The first N-2 branch contains one N-1 branch (white has only one possible move). This N-1 branch contains one 0-leaf (black win) and one N-branch with four 1-leaves (white wins).  If black chooses this first N-2 branch, he can force the win at turn N-1 but will lose if the alternate N-1 move is chosen.  The score for this branch is .8 (5 leaves, 1 black win, 4 white wins).

The second N-2 branch also contains just one N-1 branch but it contains only one N-branch with five leaves, one 1-leaf (white wins) and four .5-leaves (draw).  If black chooses this second N-2 branch, he will lose the game (unless white blunders and chooses one of the draws).  The score for this branch is .6 (5 leaves, 1 white win, 4 draws).

Obviously the first move is the optimal one, but it has a higher score than the losing move.  Using the Monte Carlo strategy at N-3, in this case, would fail.

So, we have a counter-example that shows it’s possible for the score of the winning branch to be worse than the score of the losing branch.  But one example doesn’t tell us much.  We need to get an idea of how likely it is that this kind of false result is returned.  In the following discussion I’m going to assume that the player with black pieces is trying to win.

General Case

Recall that the Monte Carlo method essentially runs down the game tree starting at a particular branch and gives us a random sample of the leaves below.  We don’t really care in what order the leaves of the sample are returned, so we can use combinations instead of permutations, which saves computation time.  Each combination of leaves will have a particular score (sum of leaf scores / number of leaves) which we are assuming is representative of the actual branch score.

Next, we have no idea which combinations represent an optimal branch when compared to another so we’ll have to make an assumption about that.  We’ll use the most restrictive, one that we know must be true.

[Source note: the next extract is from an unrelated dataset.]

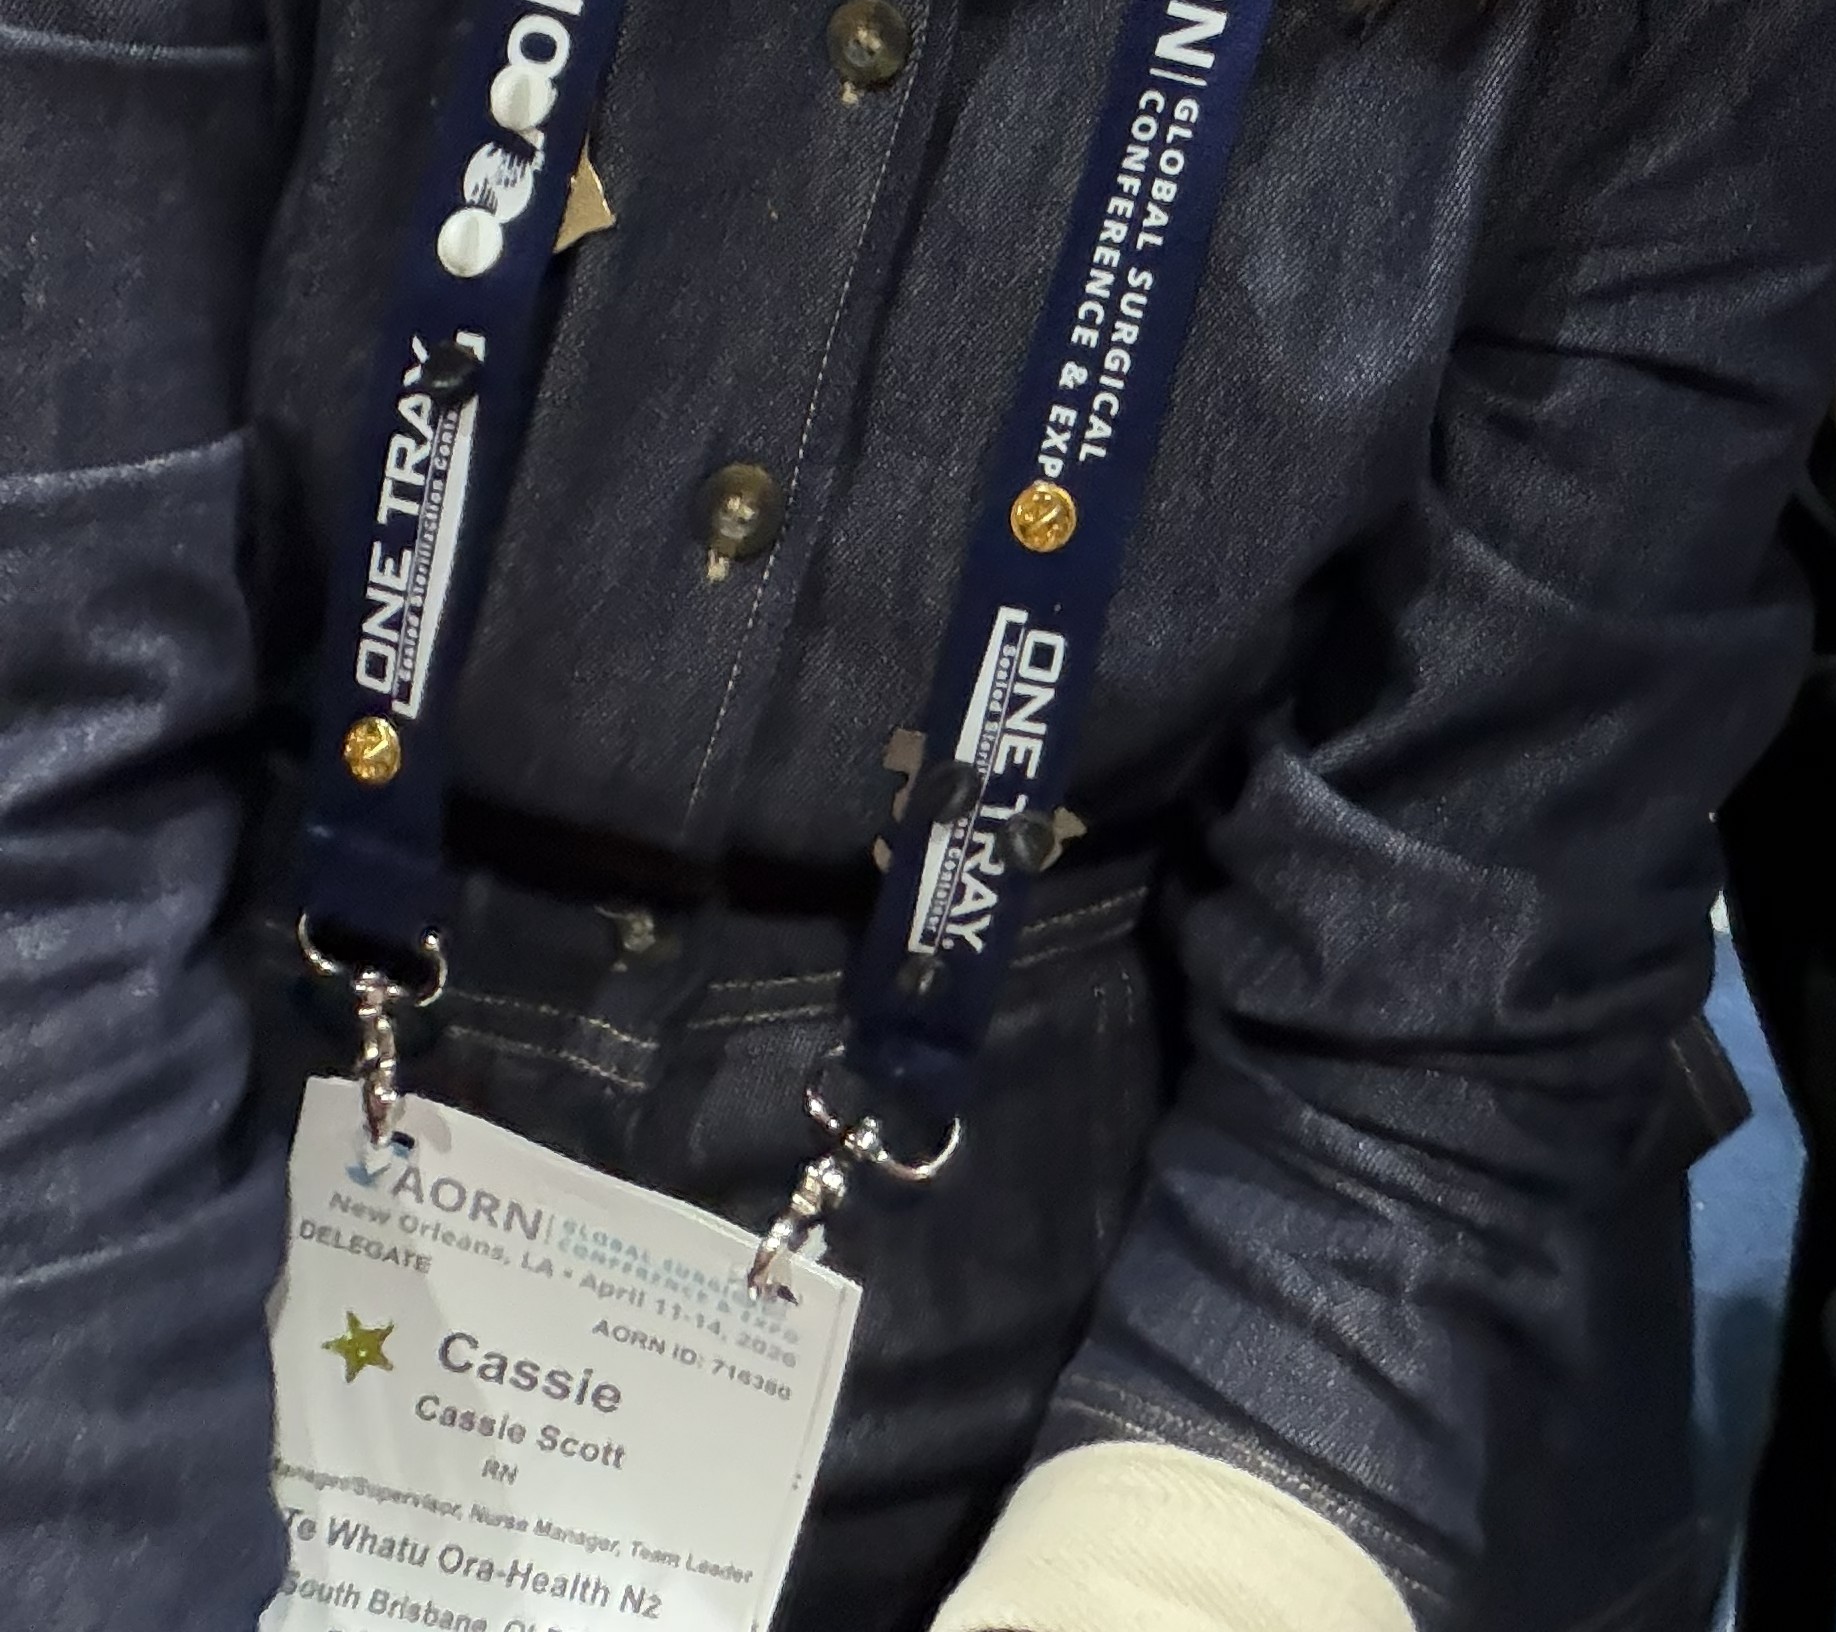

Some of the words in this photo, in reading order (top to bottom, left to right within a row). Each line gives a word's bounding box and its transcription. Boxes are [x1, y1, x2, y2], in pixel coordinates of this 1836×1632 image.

A branch that contains a black leaf is always optimal compared to a branch that contains no black leaves.  If the success rate in identifying the optimal branch under these circumstances is bad, it can only get worse if we have to compare branches where both have black leaves.

I wrote a program to look at the score of every possible combination of leaves for a given number of random games and then compare the scores of every combination with black leaves to every combination without black leaves.  If the score of the black-leafed branch is lower then count it as a success, if equal or greater then count it as a failure.  The ratio of successes to failures gives us the accuracy percentage.  Remember we’re shooting for 95% or better.

Another problem we have is that we don’t really know how leaves are distributed in the tree below the branches we’re examining.  We’ll try out four different assumptions and see what happens.

1.  All leaves are equally likely, i.e. same number of wins, losses and draws in the branches below. Assuming 300 random games played, the success rate was only 82%.  Expected number of sub-optimal choices made in 10 moves = 1.7, in 20 moves = 3.4, in 30 moves = 5.1, in 40 moves = 6.8.
2.   Draw is twice as likely as any other outcome, but same number of wins and loses.  Again, 300 random games give a success rate of 79%.  Expected number of sub-optimal choices in 10 moves = 2.1, in 20 moves = 4.1, in 30 moves = 6.2, in 40 moves = 8.2.
3.  Twice as many wins as draws or losses.  300 games give a success rate of 93%.  Not bad but still not up to the 95% we’d like.  Expected number of sub-optimal choices in 10 moves = .7, in 20 moves =1.3, in 30 moves = 2, in 40 moves = 2.6.
4.  Twice as many loses as draws or wins.  300 games give a success rate of 82% again.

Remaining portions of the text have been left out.